It was the Besom. The last time I had seen her she had certainly been old and worn; but now she was little more than a wraith. The spirit had – in the weeks since our last meeting – simply gone out of her, leaving behind this terrible, dying husk, less cat than carcass.
‘Ma,’ I urged. ‘Ma, it’s Orlando. Speak to me.’
Again the uncomfortable shifting of weight and this time there emerged a whisper as scratchy as teasel.
‘What did you say, Ma?’ I encouraged.
The old cat blinked at me and her eyes were dull with reproach. ‘Go away,’ she said more distinctly. ‘Go away and let me die in peace.’
*
The old lady who fed the Besom had mysteriously gone away, it turned out. She had last been seen one evening climbing awkwardly, with the aid of two tall men in dark clothing, into a large white van whose blue light had strobed quietly through the holly, casting a bewildering maze of jagged shapes across the already neglected lawn. She had not returned. No one came. The house had remained cold and closed. Those who prided themselves on knowing such things said she’d died, but Ma, who had a nose for death, was unconvinced. She’d waited patiently through the first week, sleeping in the front porch to ensure that she would be the first to welcome the old woman home, but she had not reappeared. Ma grew hungry and weak. She drank rainwater out of the deep, furred leaves of umbellifers. She ate slugs and late-summer beetles worn to a slow daze by the passage of the year. A rabbit run over on the road outside sustained her for a week, even though she had to stand off two magpies and a crow for the unappetising leavings. The crow had eventually given up and flown off, unimpressed by the increasingly flattened corpse, leaving the magpies to leer at her from the hawthorn opposite the cottage. The knowing gleam in their blue-black eyes gave back the clearest of messages: we can wait; you’ll be next.
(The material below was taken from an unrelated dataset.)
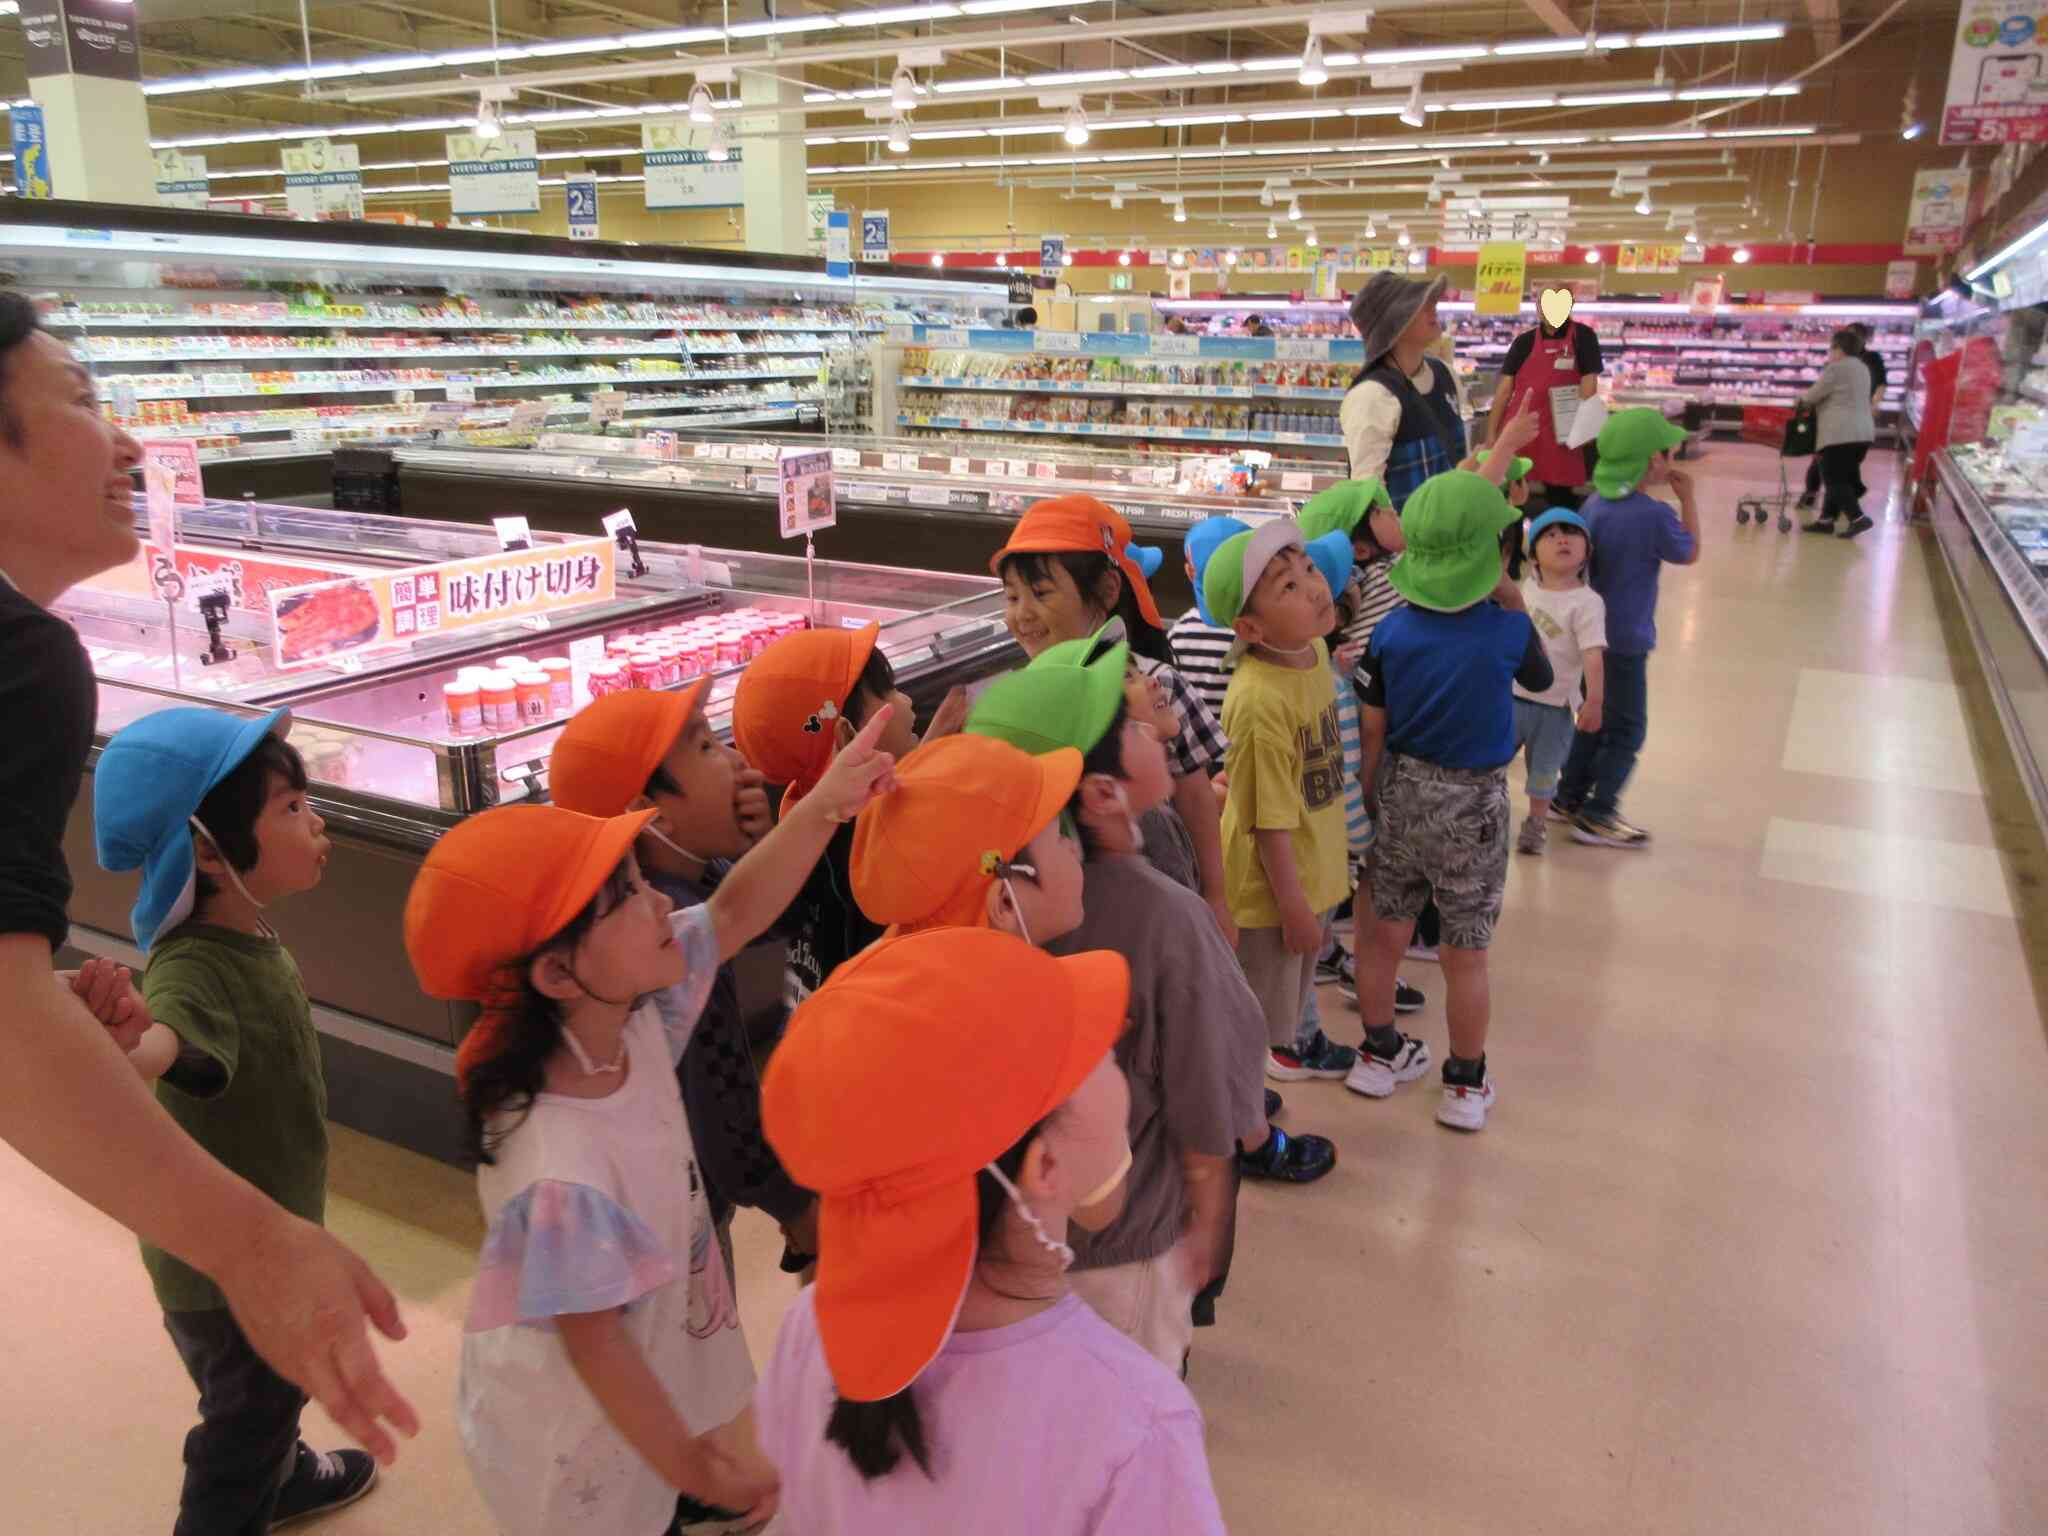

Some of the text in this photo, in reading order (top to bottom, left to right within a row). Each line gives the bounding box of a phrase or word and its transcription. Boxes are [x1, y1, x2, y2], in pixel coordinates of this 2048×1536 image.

[646, 152, 690, 165] EVERYDAY
[450, 163, 488, 175] EVERYDAY
[509, 161, 535, 171] PRICES
[450, 555, 601, 615] 味付け切身
Driven as much by a determination to thwart the carrion birds as by any true wish for survival, Ma – a proud cat not suited to the indigent life – had been reduced to making door-to-door calls to the nearest houses to beg for food. She had been chased off by dogs, bullied by farm cats a quarter her age and terrorised by children with fireworks. Pickings had at best been slim and even sleep had offered no escape from her plight. Within moments of closing her eyes, exhausted after another day spent on her nerves, she dreamed of food. These were not comfortable dreams. Increasingly, the food that came to her at night, or in snatched naps in daytime hedges, reversed the natural order of the world upon her. Tins of cat food gloatingly revealed their nightmarish origins; sardines reared up out of saucers and tried to swallow her head first; the long-dead rabbit, scoriated and dried to a dark-red jerky, lifted its mashed skull and gnashed gleaming white jaws at her. It was all too much to bear.
At last she had crawled away into the thickest undergrowth, determined that the magpies should neither be able to see nor pick at her, and willed herself to die. She had been there for four days now, but death was evasive.
Caterina was stricken. ‘I saw the rabbit,’ she said at last. ‘On the highway that runs across the Common, just after full moon, about a week ago. It was horrible, and it laughed at me, all stretched and red, all sinew and exposed bone, but I ate it down all the same.’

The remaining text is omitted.